= What is being asked =
Transcribe every line of the material below exactly, leaving out the pictures.

= Material to process =

------

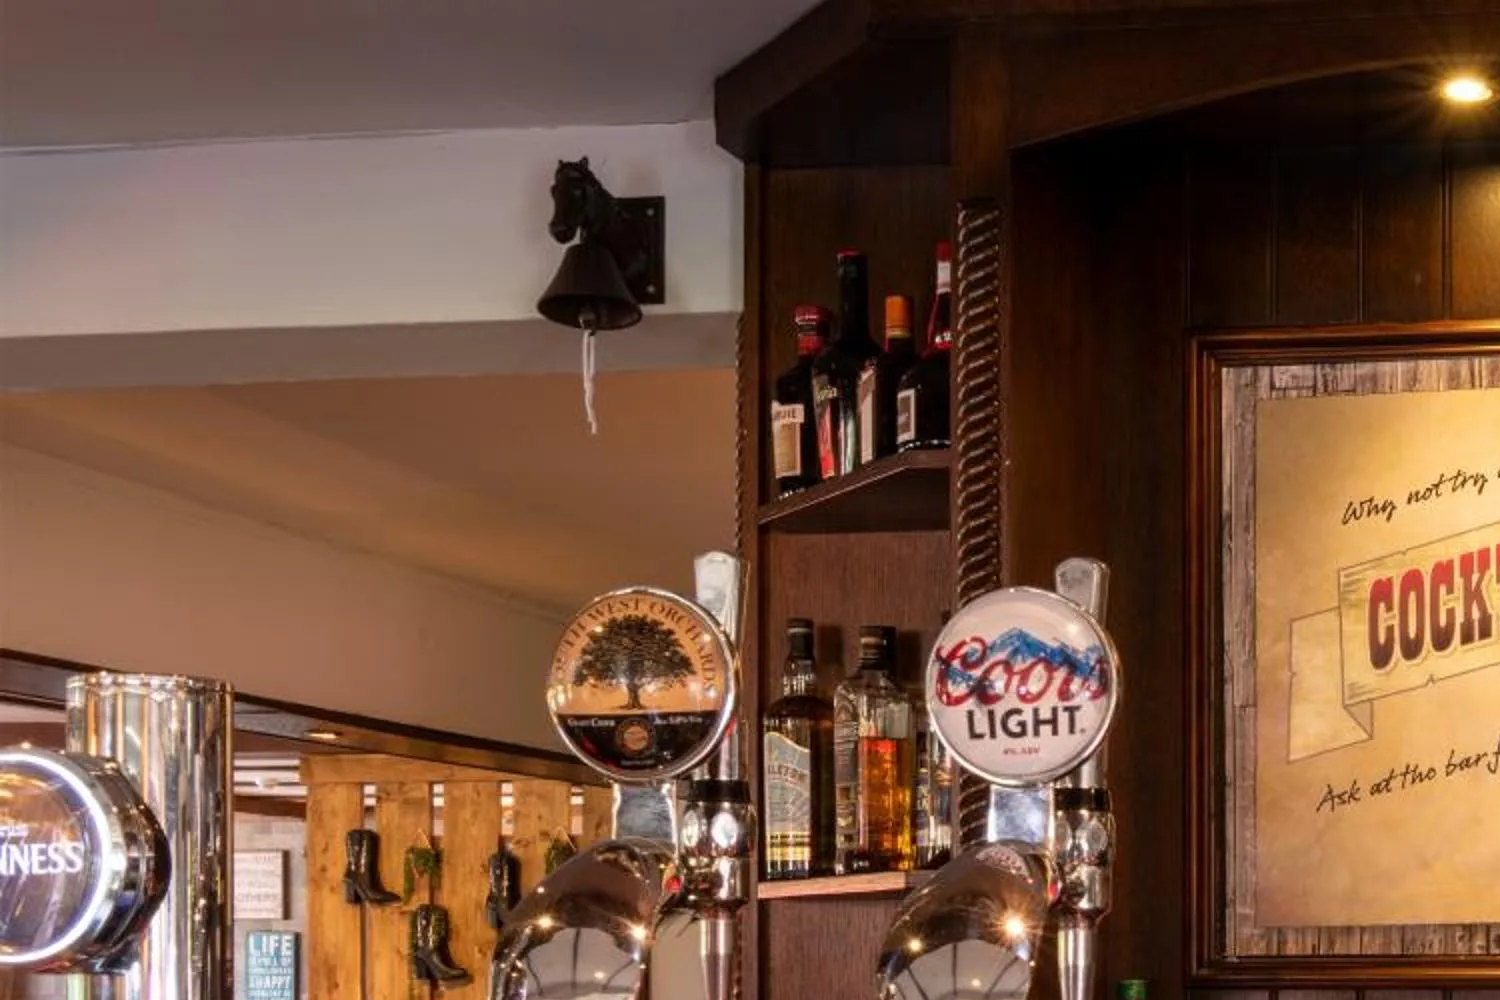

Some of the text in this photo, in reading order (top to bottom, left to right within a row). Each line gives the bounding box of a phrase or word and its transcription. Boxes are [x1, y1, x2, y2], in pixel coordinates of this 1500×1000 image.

[1342, 496, 1398, 525] Why
[1407, 473, 1445, 504] not
[1447, 469, 1489, 495] try
[934, 635, 1109, 707] Coors
[966, 706, 1082, 741] LIGHT
[1316, 780, 1362, 813] Ask
[1369, 770, 1399, 797] at
[1400, 761, 1436, 790] the
[1445, 749, 1485, 778] bar
[0, 842, 84, 876] NESS
[249, 935, 293, 956] LIFE

------

= Response =
Some of the text in this photo, in reading order (top to bottom, left to right within a row). Each line gives the bounding box of a phrase or word and its transcription. Boxes are [x1, y1, x2, y2], in pixel coordinates of this 1500×1000 image.

[1342, 496, 1398, 525] Why
[1407, 473, 1445, 504] not
[1447, 469, 1489, 495] try
[934, 635, 1109, 707] Coors
[966, 706, 1082, 741] LIGHT
[1316, 780, 1362, 813] Ask
[1369, 770, 1399, 797] at
[1400, 761, 1436, 790] the
[1445, 749, 1485, 778] bar
[0, 842, 84, 876] NESS
[249, 935, 293, 956] LIFE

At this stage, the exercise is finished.